- EXERCISE DETAILS
Print out the data exactly, keeping every image out of it.

※

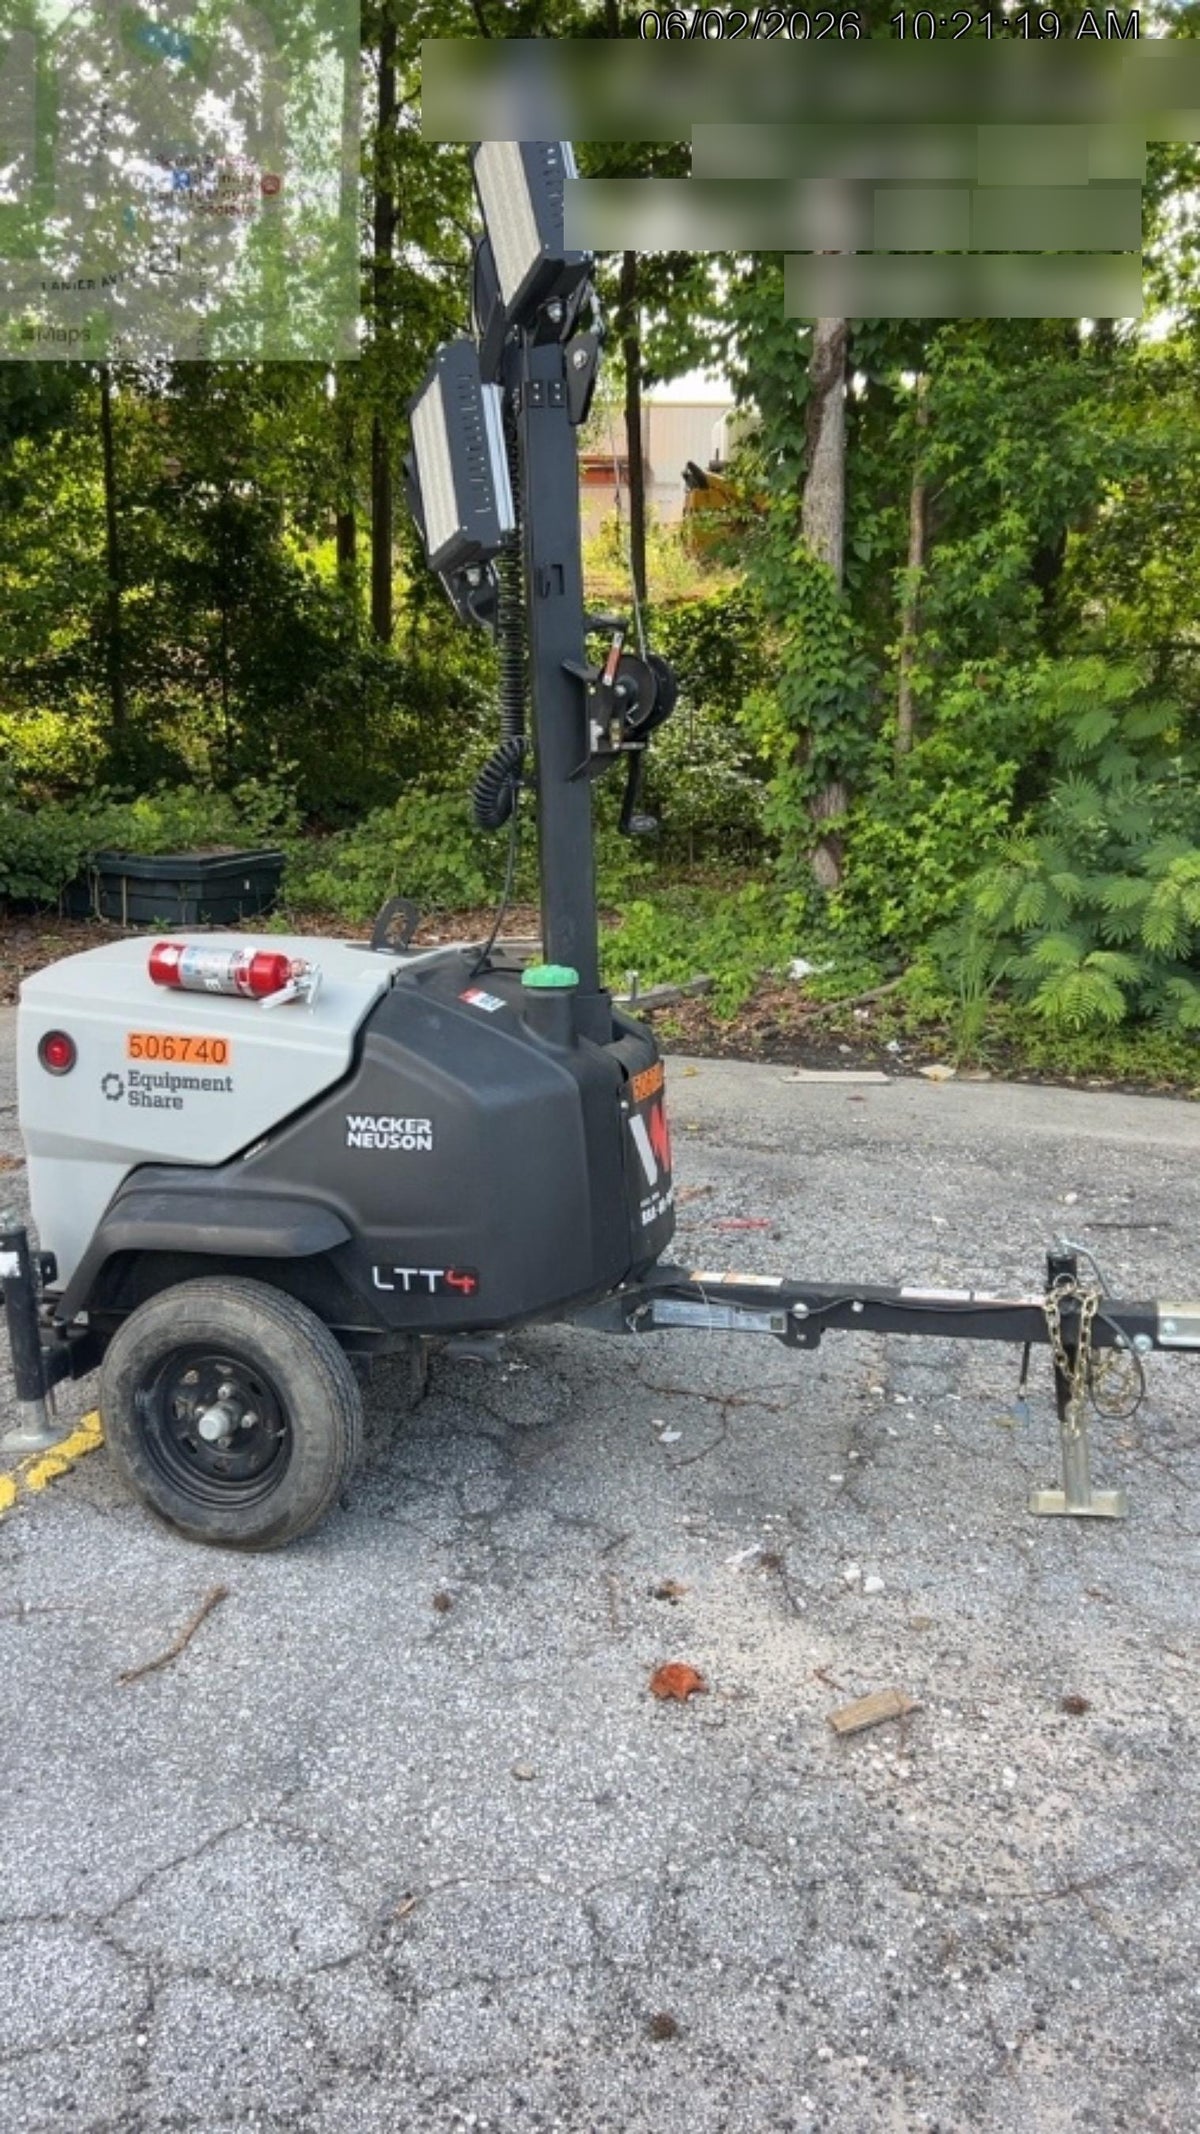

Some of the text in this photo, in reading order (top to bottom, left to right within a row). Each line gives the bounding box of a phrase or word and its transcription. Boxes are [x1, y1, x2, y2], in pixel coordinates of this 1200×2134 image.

[129, 1034, 226, 1063] 506740
[127, 1069, 233, 1093] Equipment
[127, 1090, 183, 1110] Share
[346, 1114, 432, 1134] WACKER
[346, 1132, 432, 1151] NEUSON
[372, 1265, 475, 1294] LTT4

※

- SOLUTION
Some of the text in this photo, in reading order (top to bottom, left to right within a row). Each line gives the bounding box of a phrase or word and its transcription. Boxes are [x1, y1, x2, y2], in pixel coordinates of this 1200×2134 image.

[129, 1034, 226, 1063] 506740
[127, 1069, 233, 1093] Equipment
[127, 1090, 183, 1110] Share
[346, 1114, 432, 1134] WACKER
[346, 1132, 432, 1151] NEUSON
[372, 1265, 475, 1294] LTT4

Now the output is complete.